Aerosols can harm human health by causing asthma and through exposure to the carcinogens they harbor, including arsenic, lead, chromium, selenium and other toxic materials.

Aerosols powerfully affect the environment and climate. They absorb the acids that create acid rain. They reflect sunlight and influence rainfall patterns, affecting weather and global climate change. Understanding the way they affect climate is one of the more perplexing problems for atmospheric scientists.

Atmospheric scientists are puzzling over the interaction of aerosols and other factors like greenhouse gases—carbon dioxide and other gases that trap the sun's heat and warm the Earth's atmosphere.

Altering Climate

"While many parts of Earth are warming up because of greenhouse gases, in places where there are huge concentrations of aerosols, there is actually cooling," said Huebert. In April, for example, the surface cooling effect of aerosols downwind of Asia is 10 percent higher than warming caused by greenhouse gases, Huebert notes.

When you increase temperature differences between places, it may increase the severity of storms, like hurricanes," Huebert says. "One possibility is that this could cause more severe storms, more droughts and more floods."

Although the climatic impact of this cooling is still being assessed, scientists do know that these temperature disparities have great impact on the water cycle. "When air is warmer than the Earth below it, you reduce evaporation and the formation of clouds—which reduces rainfall," explained Huebert.

Good and Bad News

Researchers presented good news as well as bad.
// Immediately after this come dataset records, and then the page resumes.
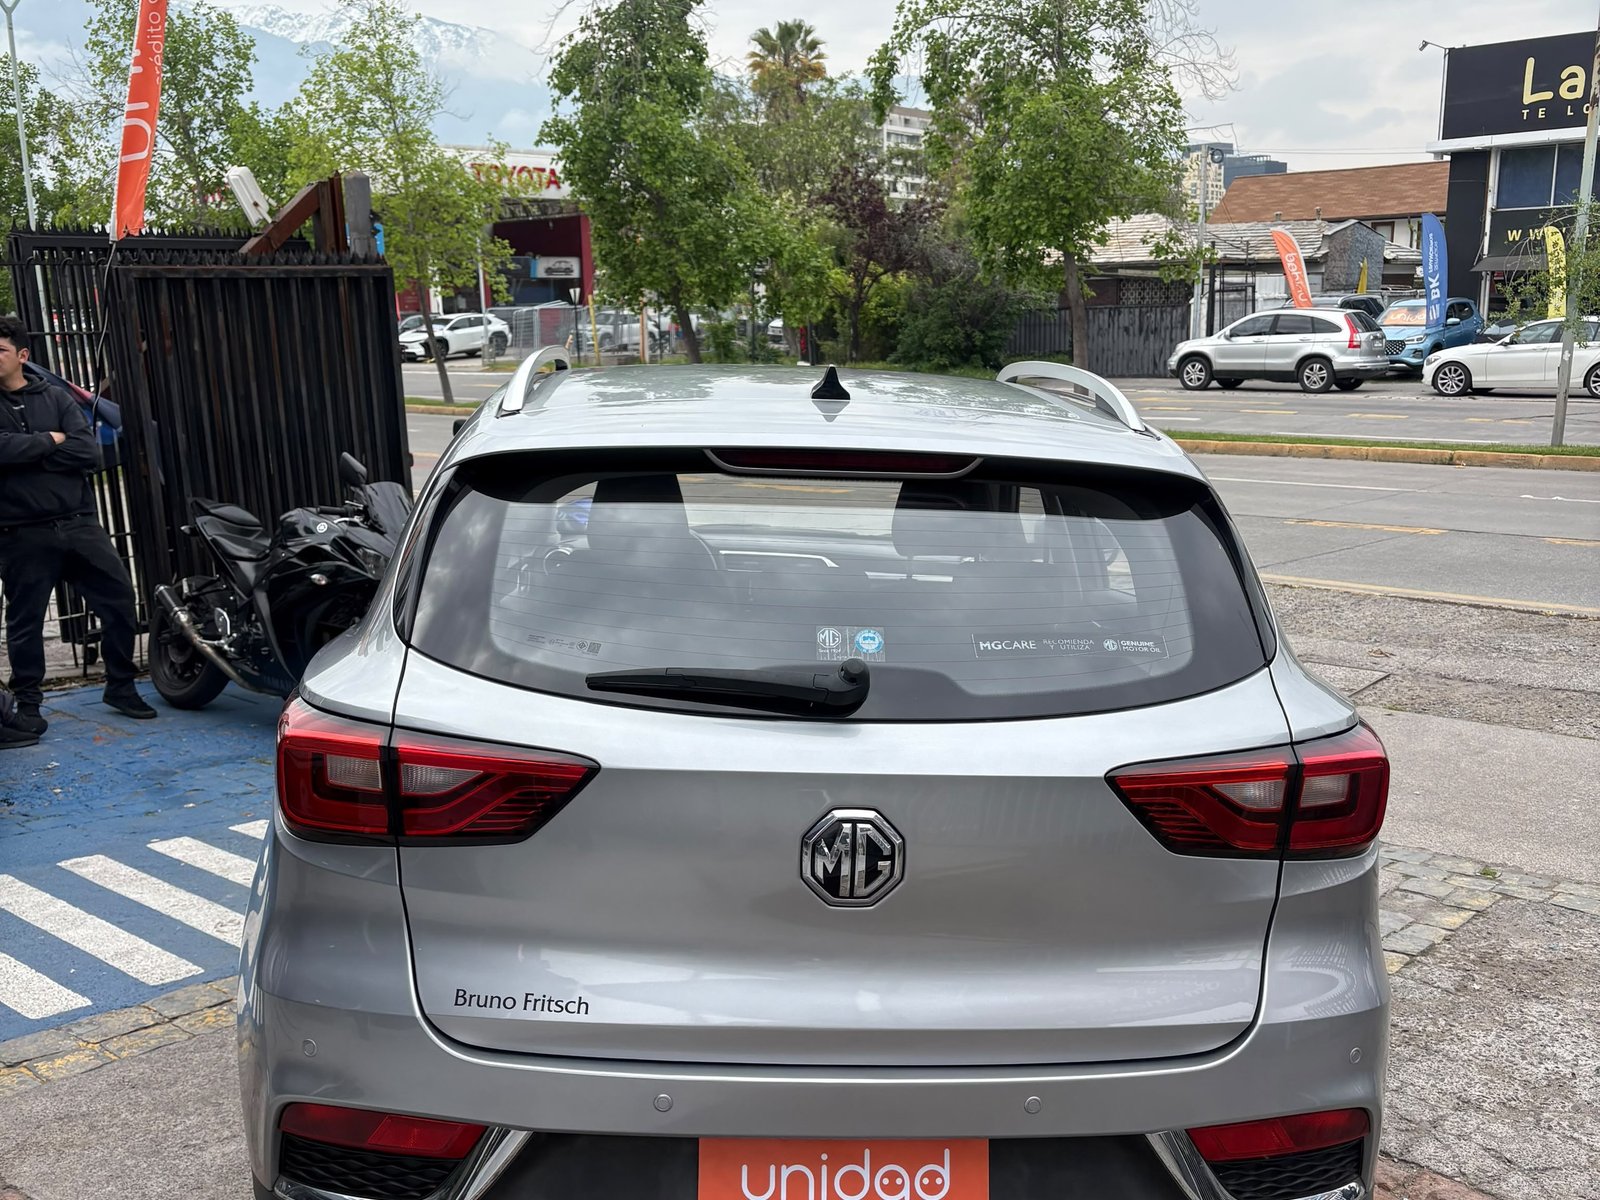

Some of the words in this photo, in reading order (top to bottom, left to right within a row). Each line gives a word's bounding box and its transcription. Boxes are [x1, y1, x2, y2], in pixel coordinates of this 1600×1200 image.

[1521, 107, 1546, 120] TE
[1427, 273, 1441, 301] BK
[819, 629, 840, 647] MG
[979, 640, 1037, 650] MGCARE
[814, 822, 892, 897] MG
[453, 988, 517, 1010] Bruno
[522, 992, 589, 1015] Fritsch
[741, 1147, 951, 1200] unidad
One study, Transport and Chemical Evolution over the Pacific (TRACE-P), "sniffed air coming out of China to learn what was being emitted," says project leader Daniel J. Jacob, an atmospheric chemist from Harvard University in Cambridge, Mass.

Jacob's team tested for about 100 different "species" of pollutants, including greenhouse gases, aerosols and ozone. Although nothing on the list had significantly improved since 1994, "there hasn't been the kind of explosive growth that was predicted," Jacob says.
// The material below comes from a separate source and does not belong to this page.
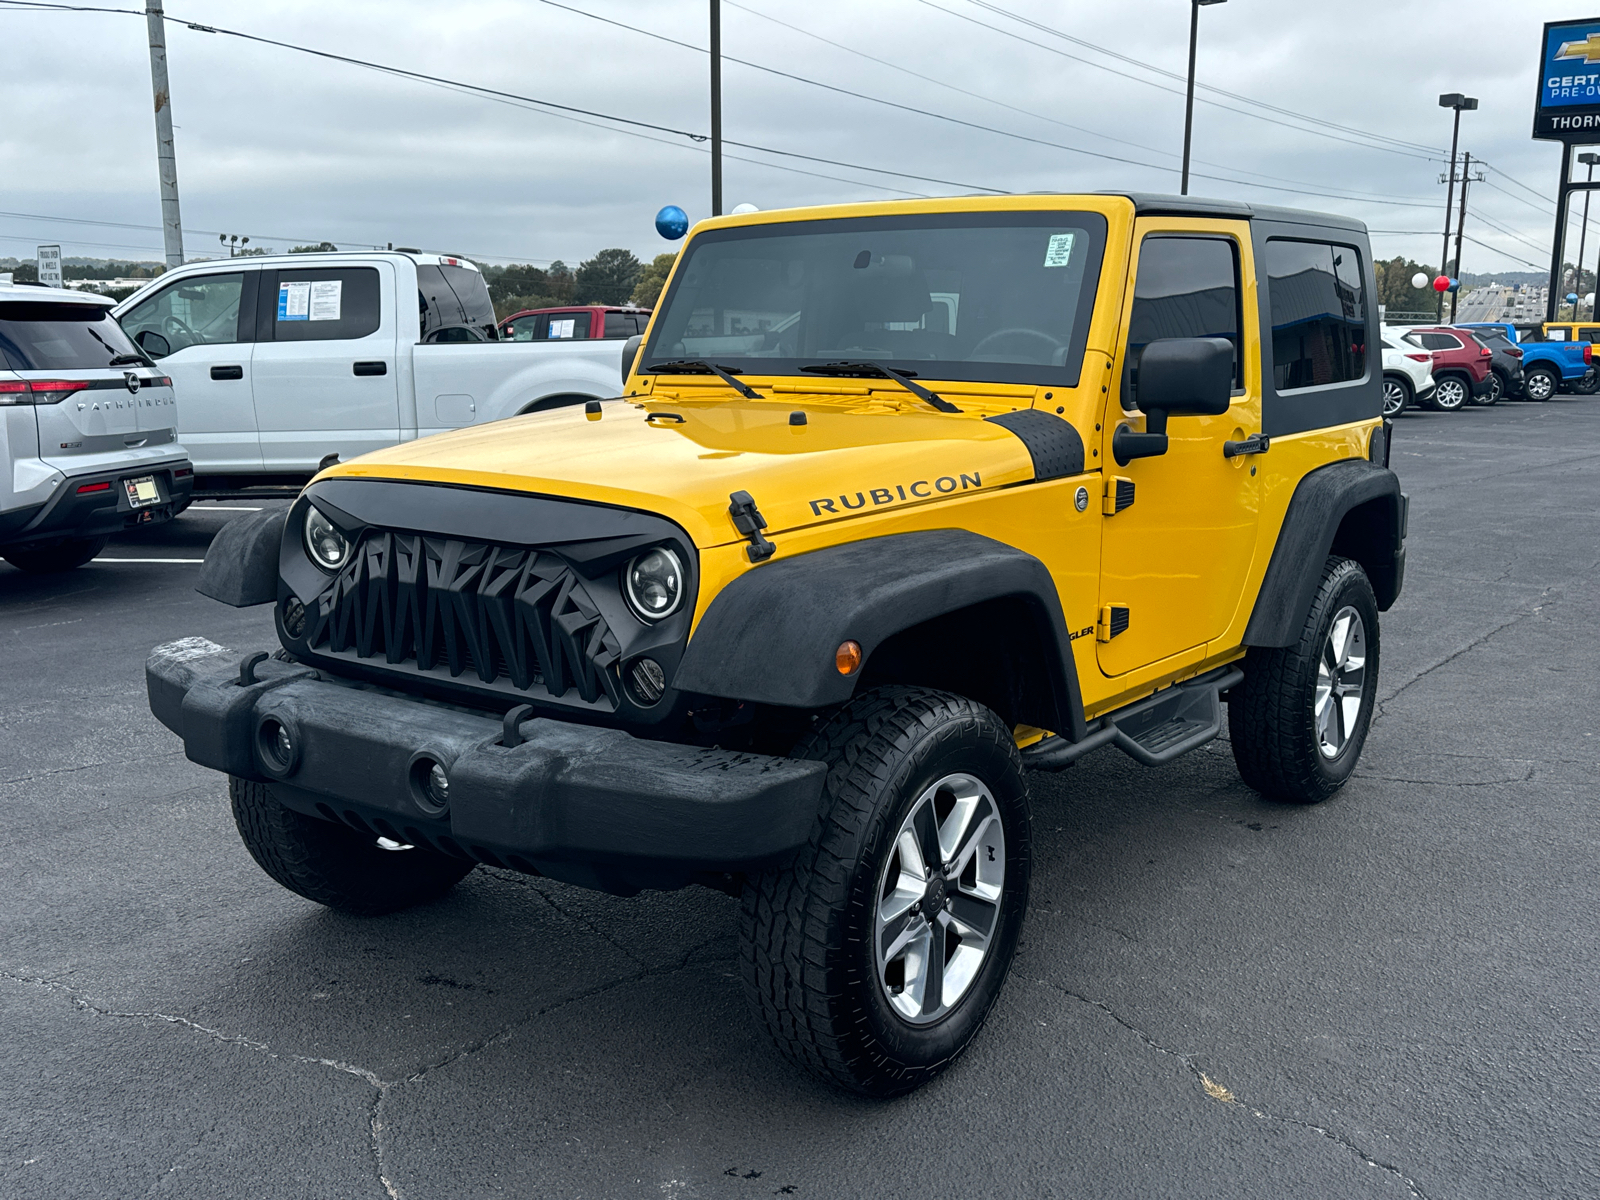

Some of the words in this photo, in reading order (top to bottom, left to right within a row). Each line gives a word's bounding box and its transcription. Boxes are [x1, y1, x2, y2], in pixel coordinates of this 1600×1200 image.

[1547, 74, 1600, 88] CERT
[77, 397, 174, 412] PATHFINDER
[808, 471, 982, 516] RUBICON
An exception was soot and carbon, caused by low-tech polluters like wood- and dung-burning stoves and cooking fires, as well as dirty industries. "There was also a lot of biomass burning from forest fires in Cambodia and Thailand," Jacob says.

Asian Ozone Comes to California

Another study examined ozone levels reaching California from across the Pacific and discovered that they are 30 percent higher than levels detected in 1985.

"The increase in ozone is surprising," says David P. Parrish, an atmospheric chemist with the National Oceanic and Atmospheric Administration Aeronomy Lab in Boulder, Colo., and head of the Intercontinental Transport and Chemical Transformation study. "It was larger than we expected. It reduces the room we have to mess up our own air."

"To address the problem, we will need an international consortium of governments willing to make policy based on the best available scientific consensus," Huebert says.

In a world where prevailing winds can push pollution clouds like the Asian Express halfway around the world in a week's time, these new findings underscore how no nation is an island.